─── Provided material ───

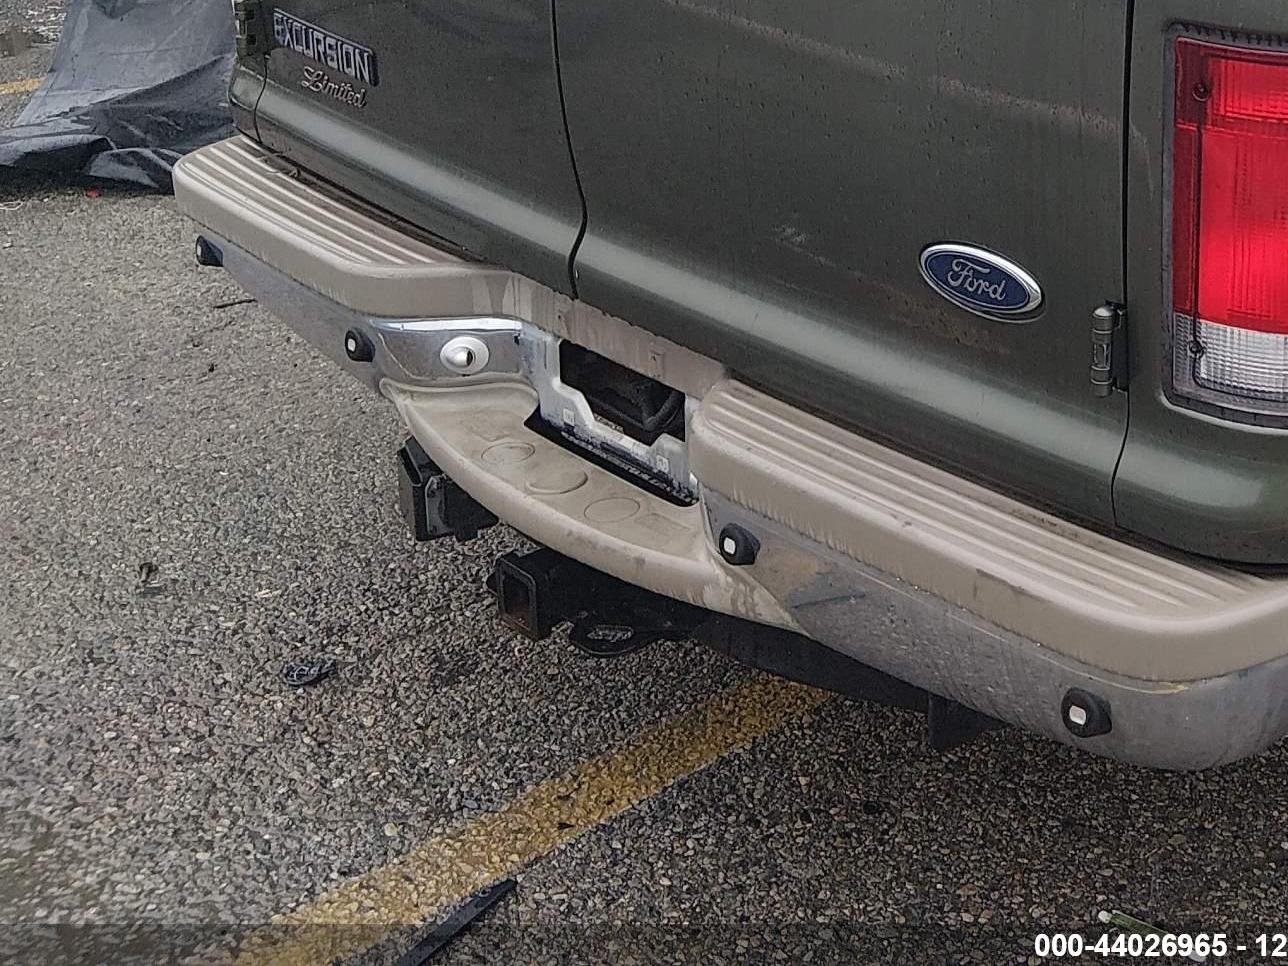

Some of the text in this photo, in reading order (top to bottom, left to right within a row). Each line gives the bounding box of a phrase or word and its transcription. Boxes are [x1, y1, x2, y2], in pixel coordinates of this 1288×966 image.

[273, 12, 370, 84] EXCURSION
[301, 66, 366, 108] Limited
[947, 258, 1006, 301] Ford
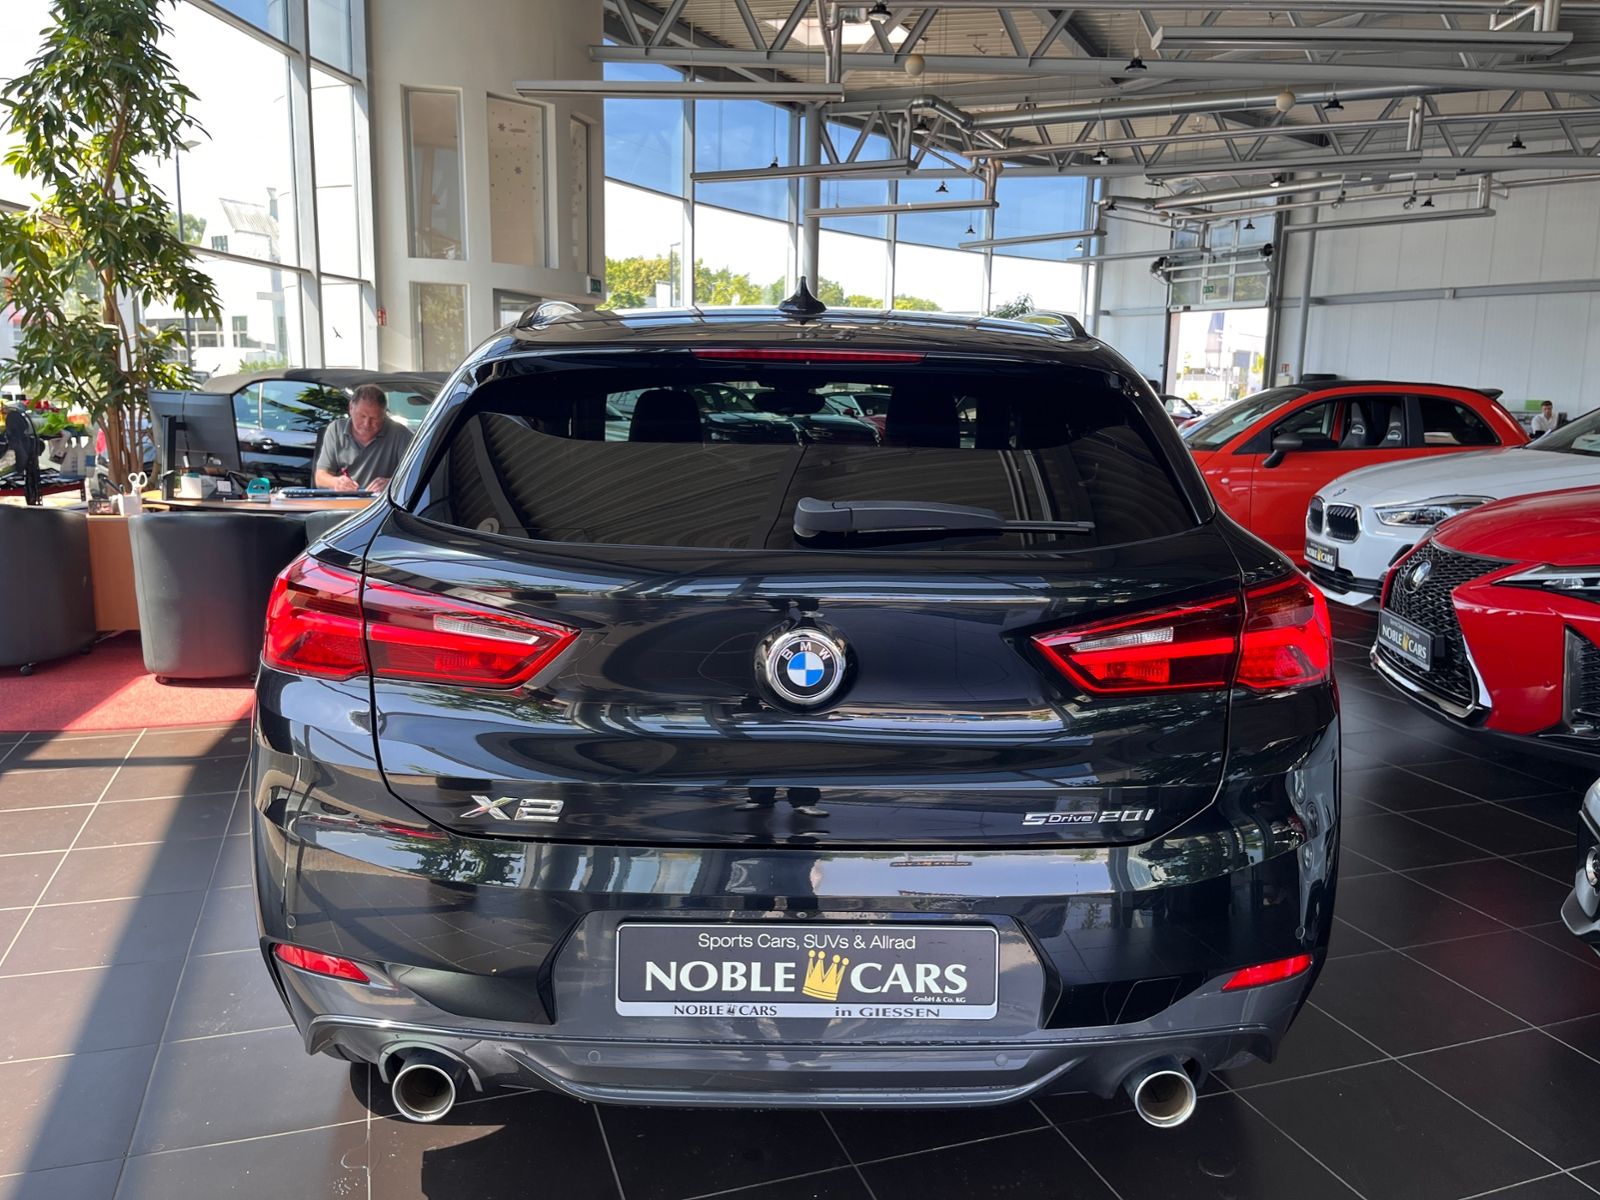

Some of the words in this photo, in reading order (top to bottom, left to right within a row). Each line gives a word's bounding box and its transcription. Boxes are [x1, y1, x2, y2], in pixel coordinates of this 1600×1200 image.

[1382, 624, 1403, 646] NOBLE
[1408, 639, 1427, 659] CARS
[781, 641, 831, 661] BMW
[460, 794, 564, 822] X2
[698, 933, 753, 950] Sports
[757, 934, 800, 950] Cars,
[803, 934, 849, 949] SUVs
[853, 935, 866, 949] &
[870, 935, 916, 949] Allrad
[645, 960, 796, 992] NOBLE
[850, 962, 968, 995] CARS
[913, 995, 935, 1003] GmbH
[936, 995, 942, 1003] &
[674, 1004, 724, 1016] NOBLE
[738, 1005, 778, 1017] CARS
[835, 1006, 852, 1017] in
[859, 1007, 940, 1018] GIESSEN

───

§ **Try it**
The expected output is every line of the data, unchanged, with the pictures skipped.

§ **Task solution**
Some of the text in this photo, in reading order (top to bottom, left to right within a row). Each line gives the bounding box of a phrase or word and its transcription. Boxes are [x1, y1, x2, y2], in pixel coordinates of this 1288×966 image.

[273, 12, 370, 84] EXCURSION
[301, 66, 366, 108] Limited
[947, 258, 1006, 301] Ford

Some of the words in this photo, in reading order (top to bottom, left to right within a row). Each line gives a word's bounding box and its transcription. Boxes are [x1, y1, x2, y2], in pixel coordinates of this 1600×1200 image.

[1382, 624, 1403, 646] NOBLE
[1408, 639, 1427, 659] CARS
[781, 641, 831, 661] BMW
[460, 794, 564, 822] X2
[698, 933, 753, 950] Sports
[757, 934, 800, 950] Cars,
[803, 934, 849, 949] SUVs
[853, 935, 866, 949] &
[870, 935, 916, 949] Allrad
[645, 960, 796, 992] NOBLE
[850, 962, 968, 995] CARS
[913, 995, 935, 1003] GmbH
[936, 995, 942, 1003] &
[674, 1004, 724, 1016] NOBLE
[738, 1005, 778, 1017] CARS
[835, 1006, 852, 1017] in
[859, 1007, 940, 1018] GIESSEN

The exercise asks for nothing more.